8) Thomas Vinciguerra's Cast of Characters: Wolcott Gibbs, E.B. White, James Thurber, and the Golden Age of The New Yorker is the newest and lightest of these books and my last recommendation. What can I say? The New Yorker was an endless stream of enjoyable figures, fights, stories, and legends, and they are very well told here. If you haven't already read a stream of books about The New Yorker in its heyday, this is a good place to start; if you have, there's more than enough here that's new to justify reading this one. I'm struck right now, in the middle of reading it, by the loss of two wonderful genres of American literature, of which this book provides many good examples: the letter and the telegram. (In a letter from Ralph Ingersoll to Harold Ross, Ingersoll writes, "The river looks very tempting this afternoon. I suggest--not entirely--facetiously--that you go over and jump in it.") People don't waste their best wit on emails, and anyway they are too afraid of being misunderstood in that affectless medium to risk it. Between the examples given in the book and the everyday example of online media, whether FB or Twitter or the Gawker family, and at the risk of committing the Golden Age fallacy, I am filled with the impression that somewhere along the way, America mislaid its rapiers and stilettos in the dark and picked up bludgeons instead.
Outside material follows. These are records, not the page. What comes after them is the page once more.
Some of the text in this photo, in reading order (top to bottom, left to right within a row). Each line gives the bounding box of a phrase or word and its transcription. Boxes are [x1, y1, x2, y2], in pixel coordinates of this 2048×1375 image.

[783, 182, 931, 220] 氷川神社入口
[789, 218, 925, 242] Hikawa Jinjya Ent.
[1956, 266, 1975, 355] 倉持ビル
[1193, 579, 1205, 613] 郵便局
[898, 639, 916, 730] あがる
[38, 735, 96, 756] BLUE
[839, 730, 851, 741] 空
If you want to read about WW2,don't ignore the Burma theater. Gen. Slim's memoirs (Defeat Into Victory) and George MacDonald Fraser's (the author of the Flashman series) Quartered Safe Out Here are well worth reading.
Posted by: AYY | Dec 22, 2015 2:52:45 AM
Thank you! I quite agree. FWIW, Hastings's books have some good basic-level stuff on this, and he opines in several places that Slim was one of the best generals in the war. I very much want to read the Fraser book at some point.
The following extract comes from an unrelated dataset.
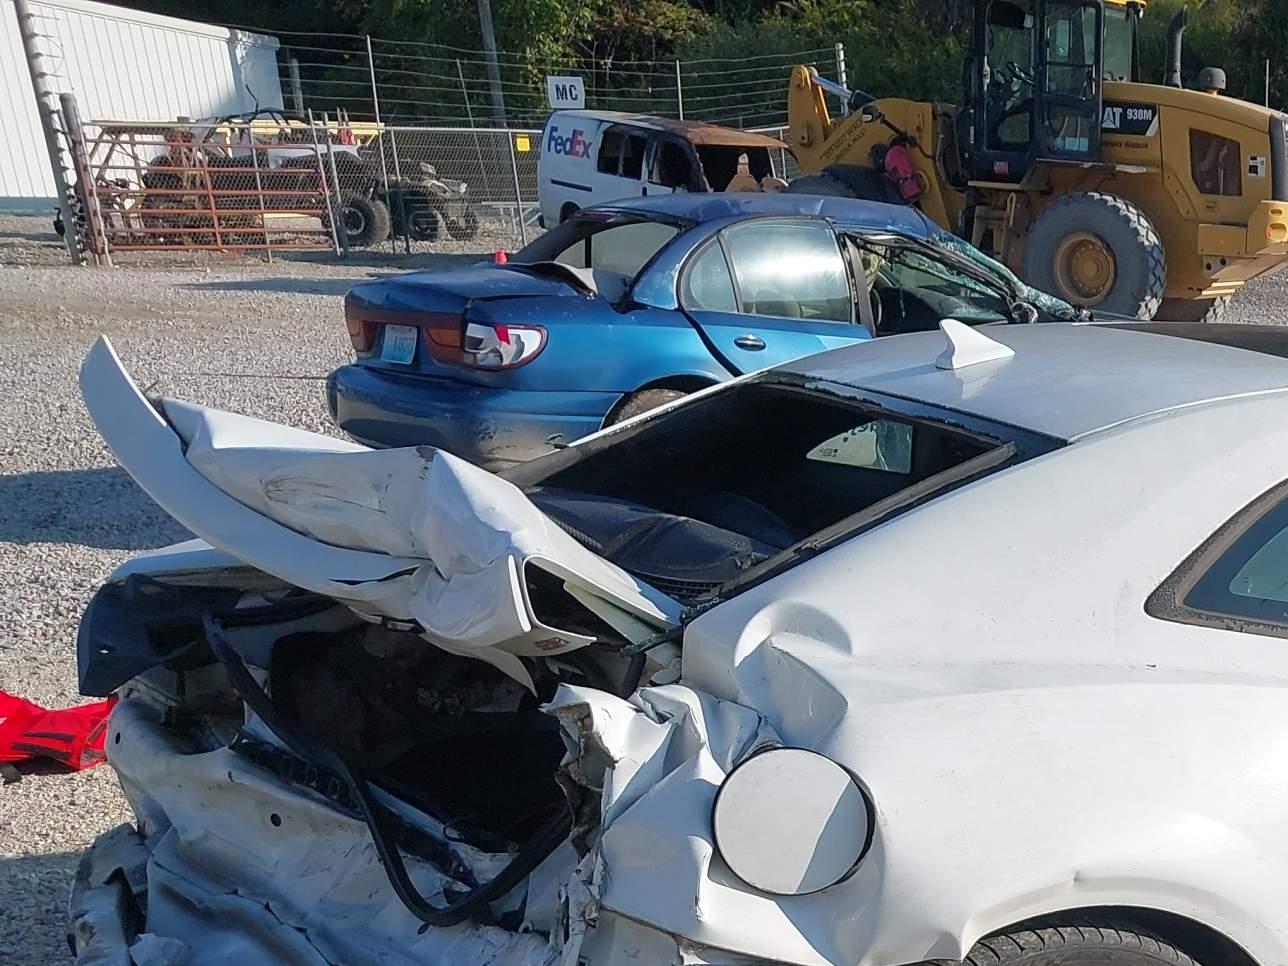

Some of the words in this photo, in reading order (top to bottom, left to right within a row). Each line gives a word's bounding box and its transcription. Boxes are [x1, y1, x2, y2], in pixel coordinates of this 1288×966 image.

[555, 84, 578, 101] MC
[1102, 107, 1123, 128] AT
[1127, 108, 1152, 120] 938M
[547, 125, 592, 159] FedEx
Posted by: Paul Horwitz | Dec 22, 2015 11:58:33 AM
Forgot to mention a few things. Be wary of Gordon Prange's books. Much of what he wrote on Pearl Harbor has been superseded by Zimm's Attack on Pearl Harbor. What he wrote about Midway has been superseded by a couple of books on Midway that came out during the last 10 years or so.
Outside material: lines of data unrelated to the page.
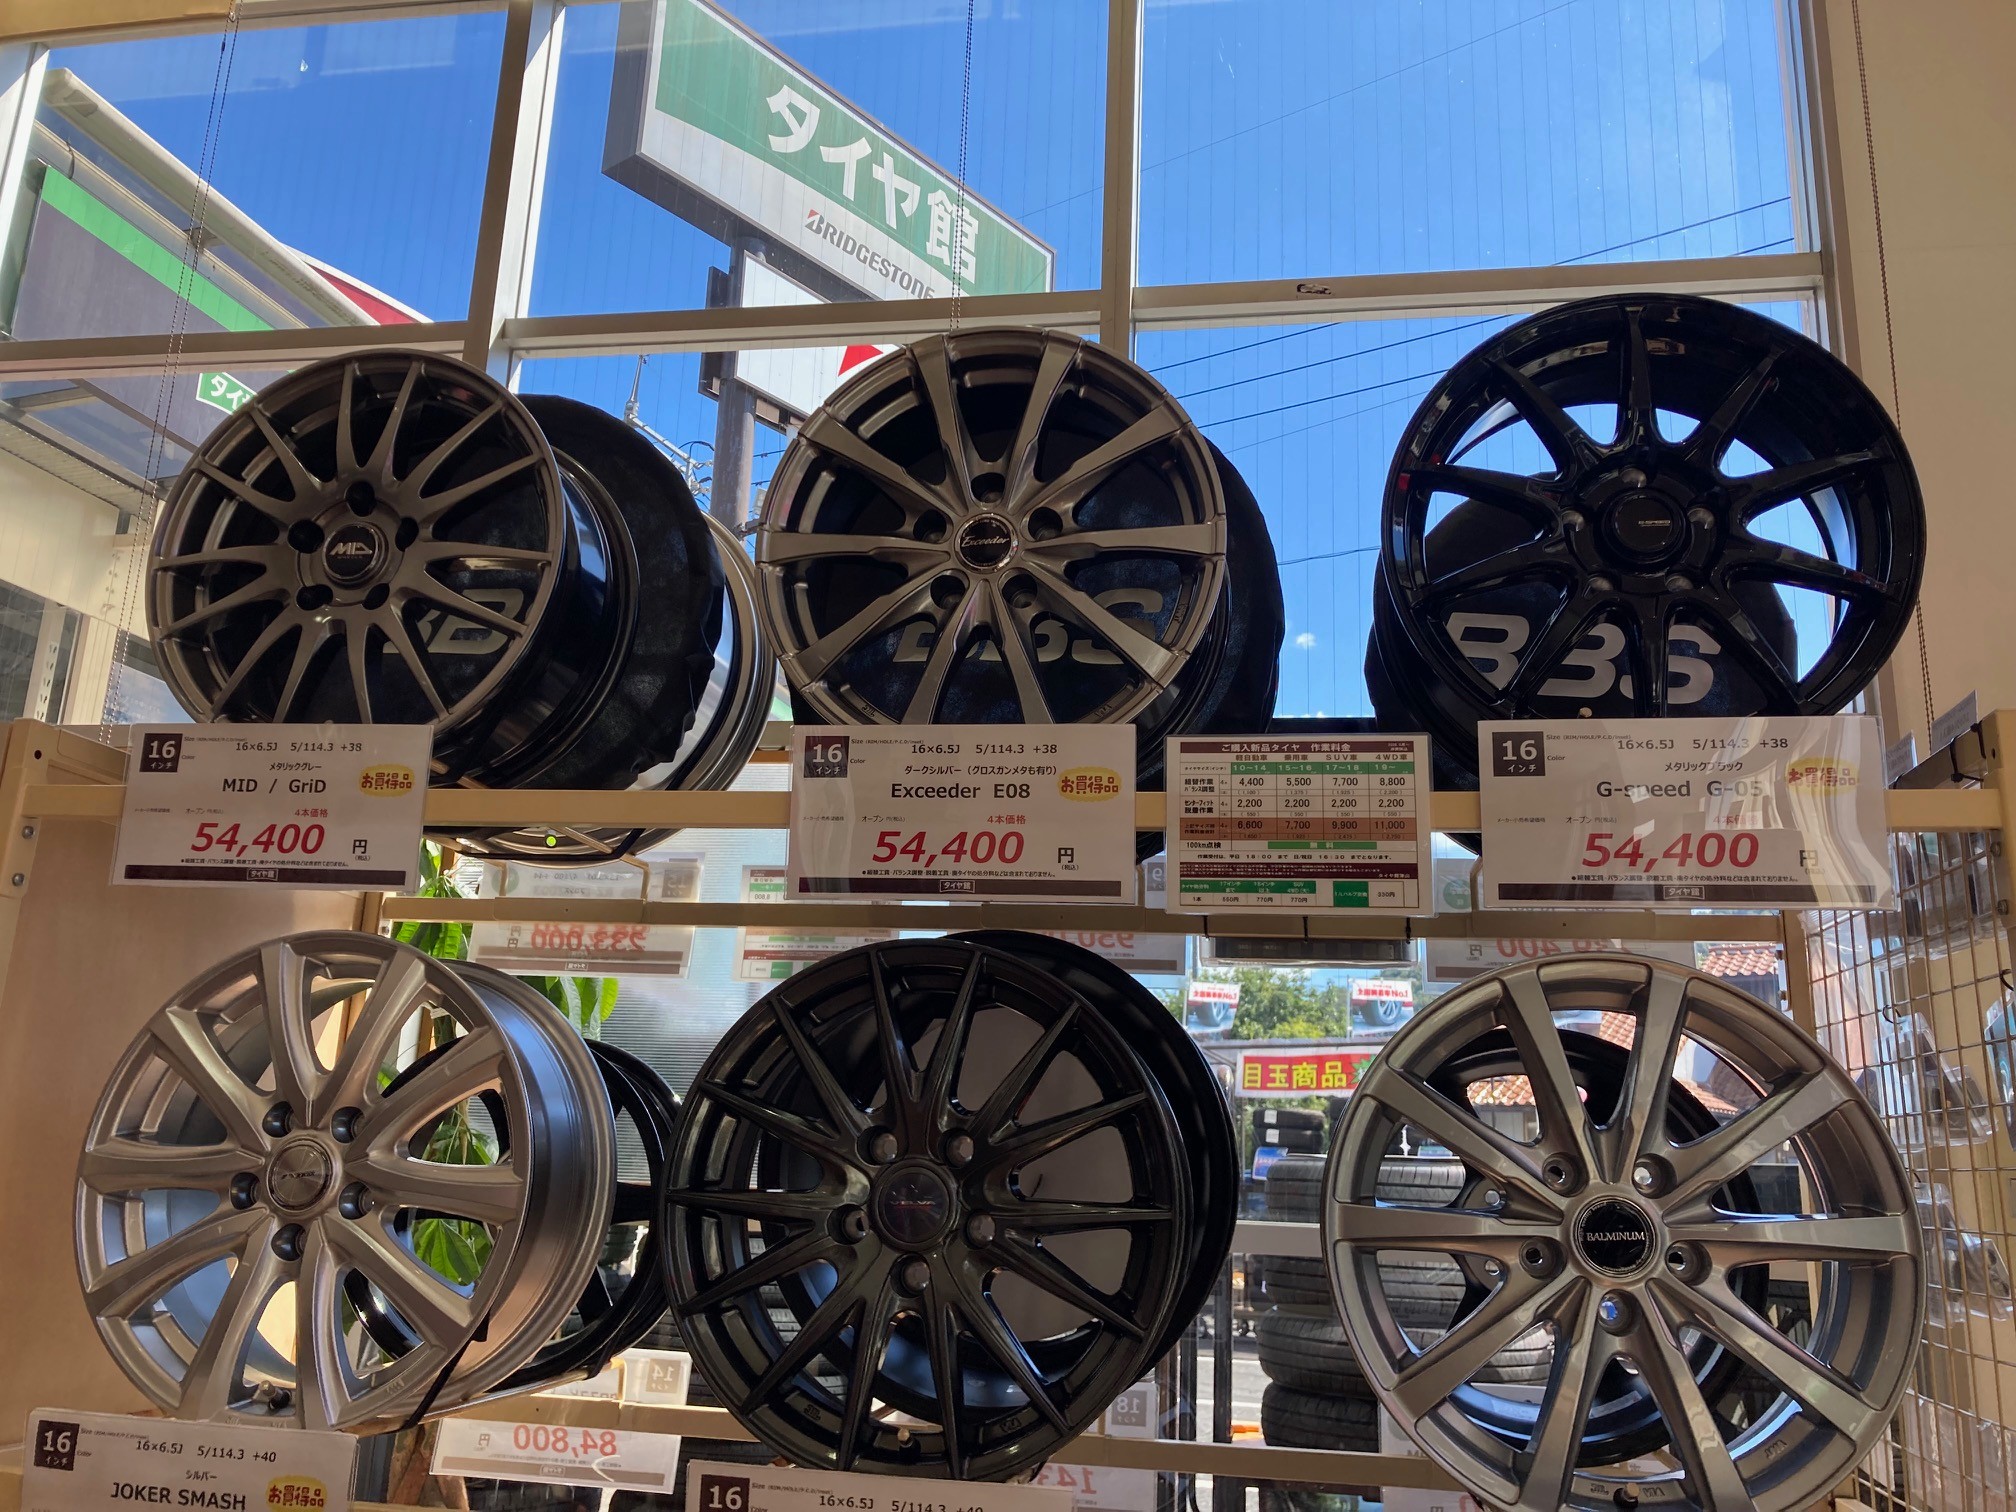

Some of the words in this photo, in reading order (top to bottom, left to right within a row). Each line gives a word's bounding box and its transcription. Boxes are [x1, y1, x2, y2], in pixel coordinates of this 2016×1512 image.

[766, 84, 979, 284] タイヤ館
[961, 536, 1009, 547] Exceeder
[149, 740, 175, 759] 16
[236, 742, 278, 752] 16×6.5J
[290, 742, 334, 753] 5/114.3
[341, 742, 362, 752] +38
[912, 744, 960, 754] 16×6.5J
[976, 744, 1025, 755] 5/114.3
[1033, 744, 1058, 754] +38
[1221, 743, 1300, 752] ご購入新品タイヤ
[1311, 743, 1351, 752] 作業料金
[1502, 740, 1537, 761] 16
[1617, 739, 1675, 750] 16×6.5J
[1693, 739, 1749, 751] 5/114.3
[1759, 739, 1788, 749] +38
[812, 744, 842, 763] 16
[151, 762, 172, 770] インチ
[269, 763, 321, 771] メタリックグレー
[816, 766, 841, 774] インチ
[1507, 764, 1537, 773] インチ
[222, 779, 258, 793] MID
[269, 779, 277, 794] /
[289, 779, 326, 794] GriD
[361, 772, 412, 790] お買得品
[1061, 777, 1119, 794] お買得品
[1239, 777, 1264, 787] 4,400
[1286, 777, 1311, 787] 5,500
[1333, 777, 1358, 787] 7,700
[1379, 777, 1405, 787] 8,800
[891, 783, 980, 799] Exceeder
[993, 783, 1030, 799] E08
[1597, 781, 1691, 801] G-speed
[1707, 781, 1764, 797] G-05
[1237, 799, 1262, 808] 2,200
[1285, 799, 1310, 808] 2,200
[1331, 799, 1356, 808] 2,200
[1378, 799, 1404, 808] 2,200
[294, 808, 328, 818] 4本価格
[861, 815, 883, 823] オープン
[987, 815, 1026, 825] 4本価格
[1566, 816, 1592, 824] オープン
[1237, 820, 1262, 829] 6,600
[1286, 820, 1311, 830] 7,700
[1332, 820, 1357, 830] 9,900
[1374, 820, 1405, 829] 11,000
[191, 822, 325, 857] 54,400
[352, 840, 367, 854] 円
[872, 831, 1025, 868] 54,400
[1582, 832, 1758, 873] 54,400
[1058, 848, 1075, 864] 円
[1800, 850, 1819, 867] 円
[944, 881, 971, 891] タイヤ館
[1668, 887, 1700, 897] タイヤ館
[1243, 1060, 1348, 1089] 目玉商品
[1586, 1232, 1645, 1241] BALMINUM
[43, 1430, 72, 1453] 16
[197, 1446, 245, 1461] 5/114.3
[253, 1451, 276, 1463] +40
[45, 1457, 70, 1467] インチ
[186, 1470, 218, 1481] シルバー
[110, 1483, 170, 1505] JOKER
[178, 1489, 246, 1511] SMASH
[268, 1486, 324, 1507] お買得品
[708, 1486, 742, 1510] 16
[819, 1495, 874, 1510] 16×6.5J
As a lawyer you might be interested in Bardeche's Nuremberg. His position taken broadly is that they were a bit light on due process, that they hanged some people they shouldn't have, and that the Allied fire bombing campaign on German cities was a greater war crime than what was done by some of those who were hanged at Nuremberg. You can decide for yourself whether he makes a persuasive case, but he gives you something to think about.
Suvorov's The Chief Culprit created a bit of a stir a few years ago. His position is that Stalin was about to attack Germany but the Germans just barely beat him to the punch. A book that might be hard to find but is definitely worth trying to find is Gustav Herling's A World Apart. It's about his experience as a Polish POW in a Gulag during the early part of WW2. It is quite moving.
Also be prepared to have some of your ideals shattered. The more you read, the more you'll see that there were war crimes at high levels on both sides. It can be a bit unnerving.
Posted by: AYY | Dec 23, 2015 3:19:16 AM
Alexander Werth. Russia at War. The only book, my brother remarked, where the Russians were the good guys.
Showalter Armor and Blood. Kursk
Toland. Battle, The Story of The Bulge
Anything by Samuel Eliot Morison. He has condensed his fourteen volume series about WW II naval action to two volumes.
Hoegh and Doyle. Timberwolf Tracks. The history of an Infantry division in the ETO.